--- START ---

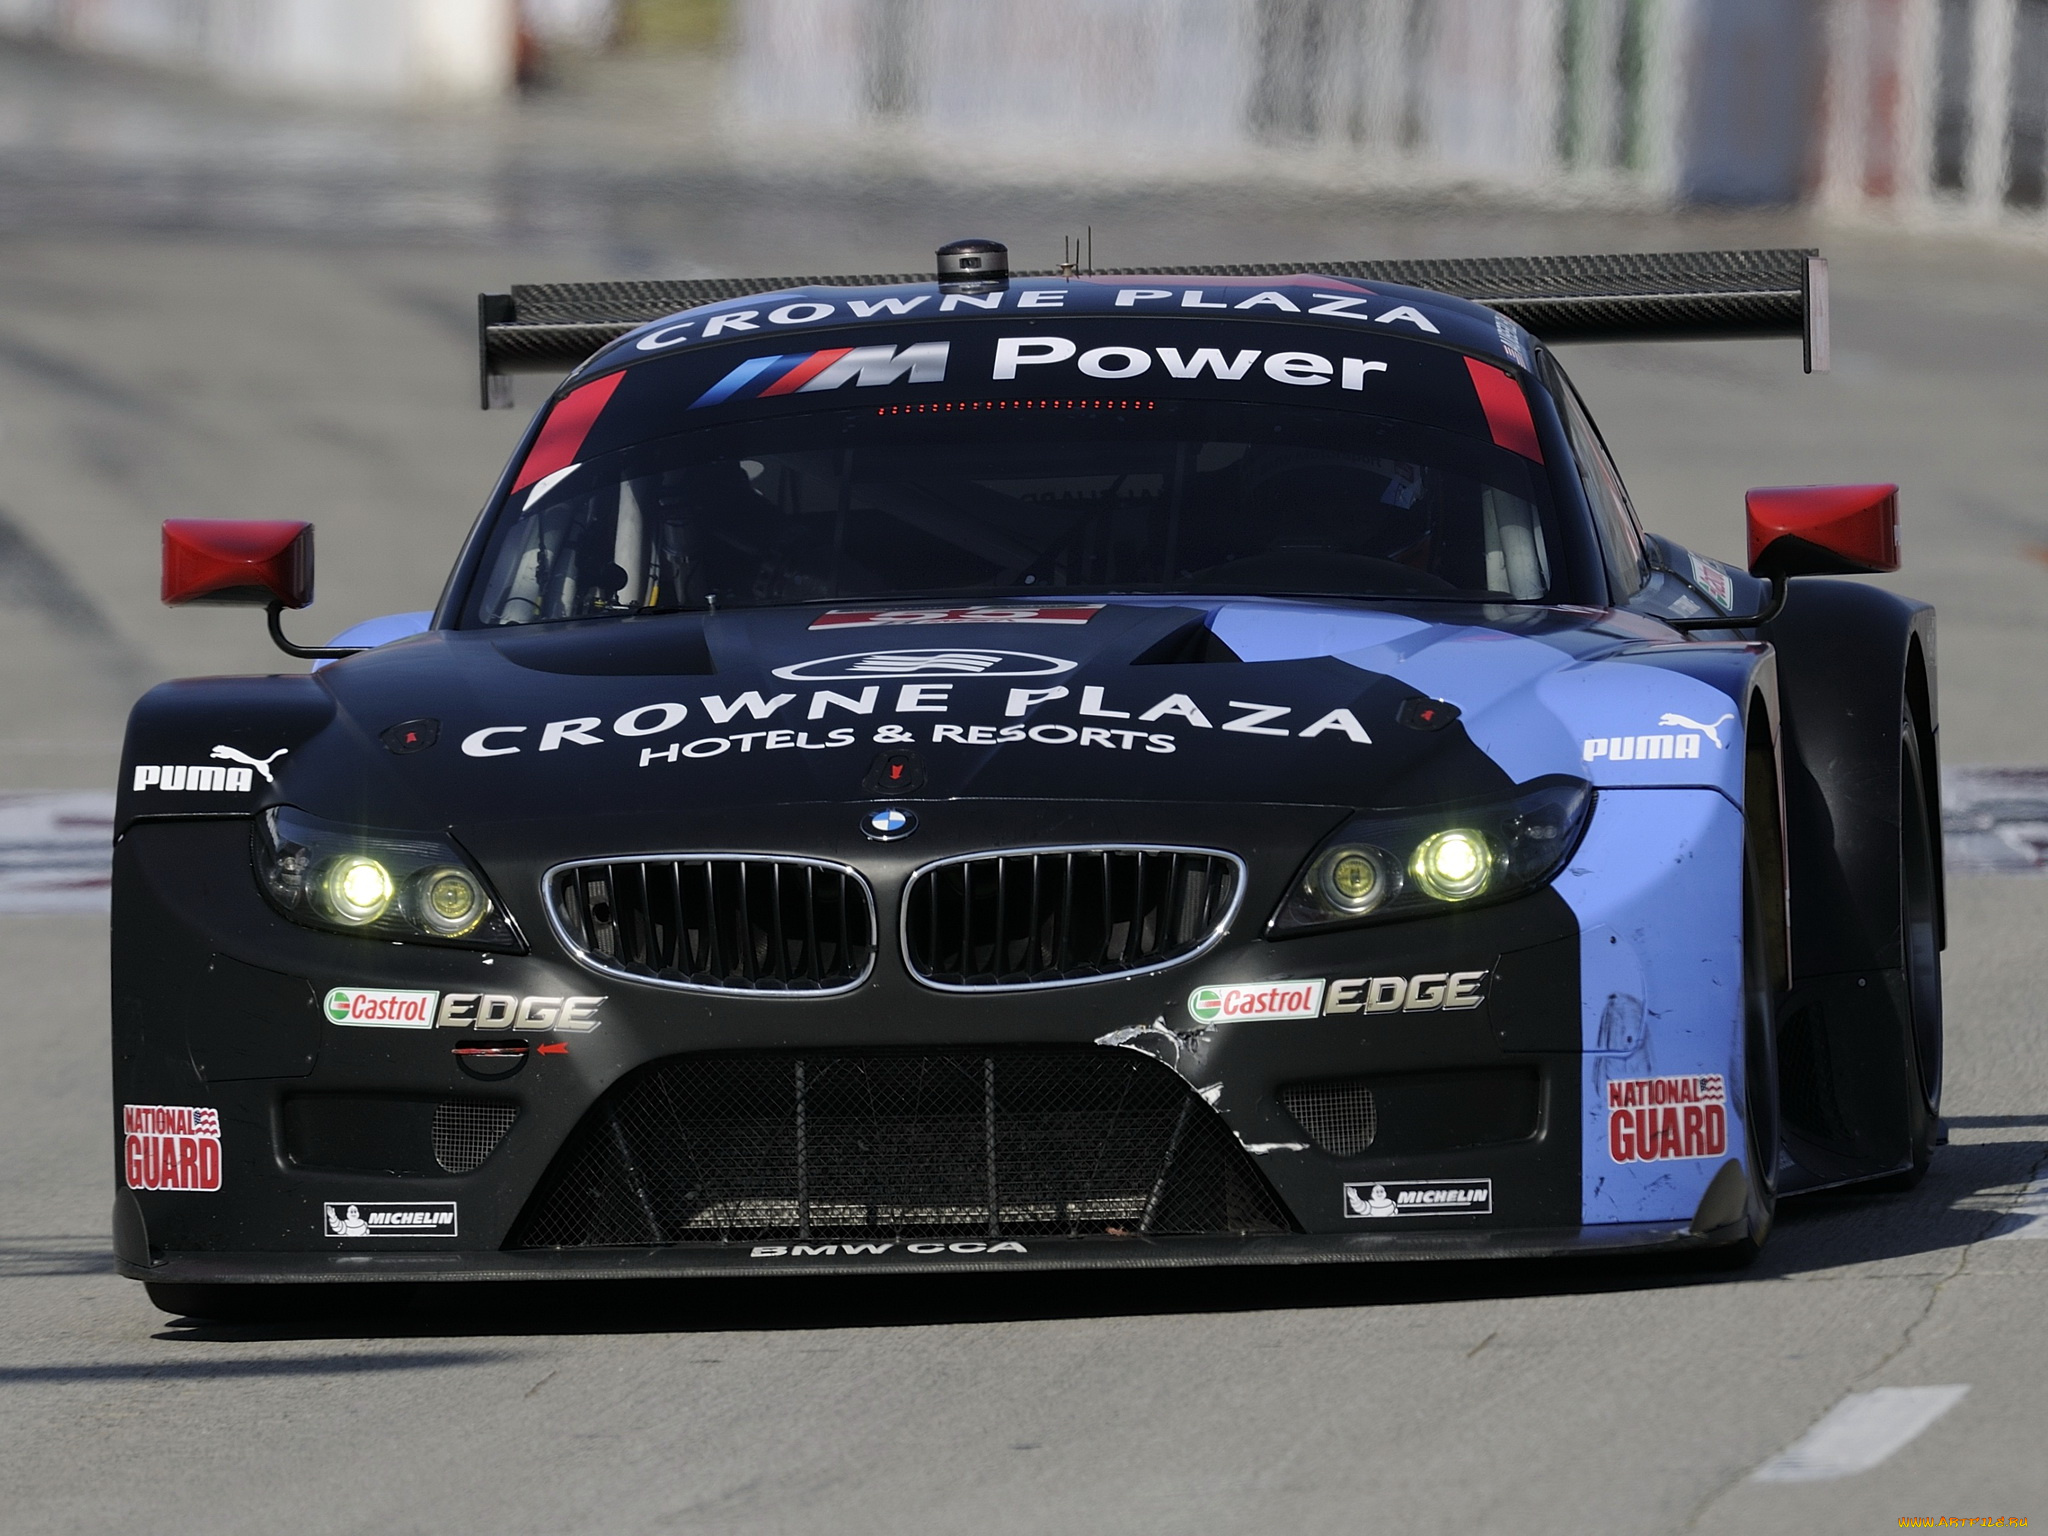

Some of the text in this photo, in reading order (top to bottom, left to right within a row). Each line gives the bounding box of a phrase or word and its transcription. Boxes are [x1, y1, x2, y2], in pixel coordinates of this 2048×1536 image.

[636, 290, 1068, 350] CROWNE
[1115, 289, 1440, 334] PLAZA
[993, 337, 1387, 390] Power
[461, 684, 1372, 757] CROWNE PLAZA
[639, 724, 1176, 767] HOTELS & RESORTS
[1583, 734, 1700, 761] PUMA
[133, 765, 253, 791] PUMA
[351, 993, 608, 1034] Castrol EDGE
[1223, 970, 1489, 1016] Castrol EDGE
[1609, 1078, 1701, 1109] NATIONAL
[124, 1107, 194, 1135] NATIONAL
[1610, 1104, 1726, 1161] GUARD
[126, 1136, 219, 1190] GUARD
[1396, 1187, 1488, 1205] MICHELIN
[367, 1211, 454, 1226] MICHELIN
[751, 1241, 1028, 1257] BMW CCA
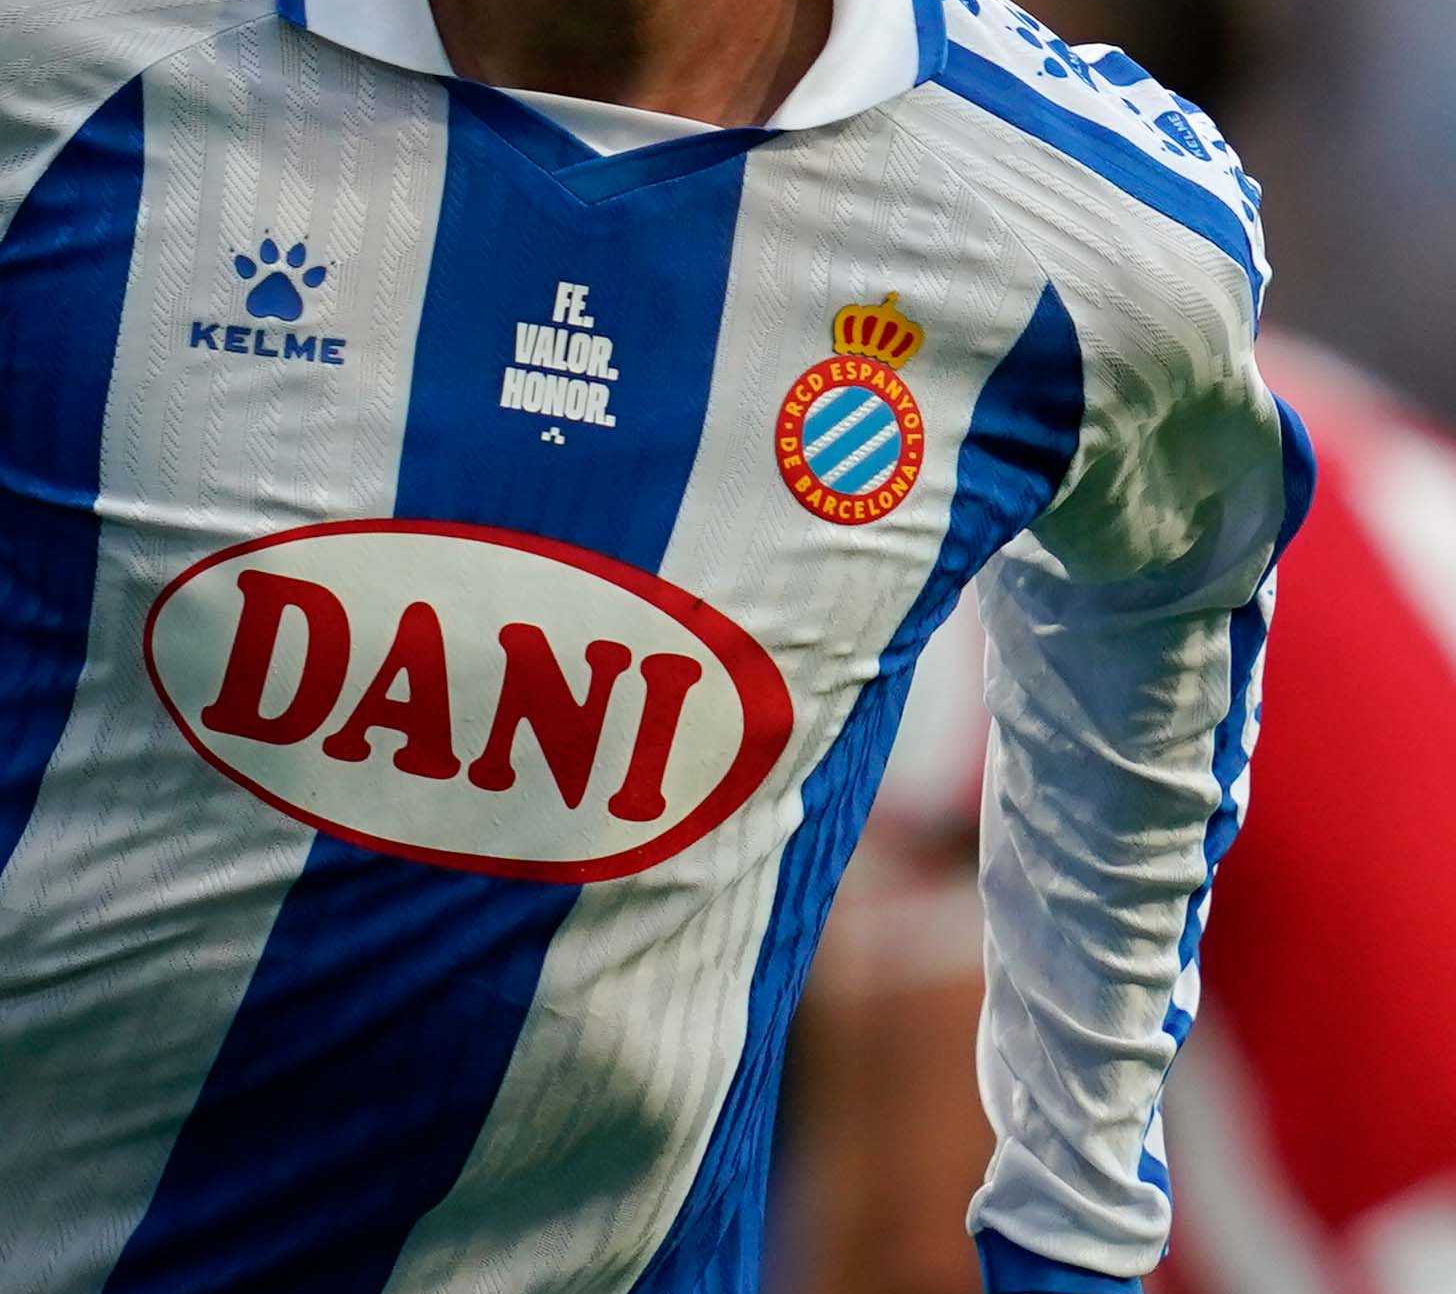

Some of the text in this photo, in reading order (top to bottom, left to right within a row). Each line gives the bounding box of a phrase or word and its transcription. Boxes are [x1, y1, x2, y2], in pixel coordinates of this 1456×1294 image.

--- END ---

### About this exercise
Each record above should be retyped exactly, with no pictures carried over.

### Response to the task
Some of the text in this photo, in reading order (top to bottom, left to right within a row). Each line gives the bounding box of a phrase or word and its transcription. Boxes are [x1, y1, x2, y2], in pixel coordinates of this 2048×1536 image.

[636, 290, 1068, 350] CROWNE
[1115, 289, 1440, 334] PLAZA
[993, 337, 1387, 390] Power
[461, 684, 1372, 757] CROWNE PLAZA
[639, 724, 1176, 767] HOTELS & RESORTS
[1583, 734, 1700, 761] PUMA
[133, 765, 253, 791] PUMA
[351, 993, 608, 1034] Castrol EDGE
[1223, 970, 1489, 1016] Castrol EDGE
[1609, 1078, 1701, 1109] NATIONAL
[124, 1107, 194, 1135] NATIONAL
[1610, 1104, 1726, 1161] GUARD
[126, 1136, 219, 1190] GUARD
[1396, 1187, 1488, 1205] MICHELIN
[367, 1211, 454, 1226] MICHELIN
[751, 1241, 1028, 1257] BMW CCA

Some of the text in this photo, in reading order (top to bottom, left to right within a row). Each line gives the bounding box of a phrase or word and its transcription. Boxes are [x1, y1, x2, y2], in pixel coordinates of this 1456×1294 image.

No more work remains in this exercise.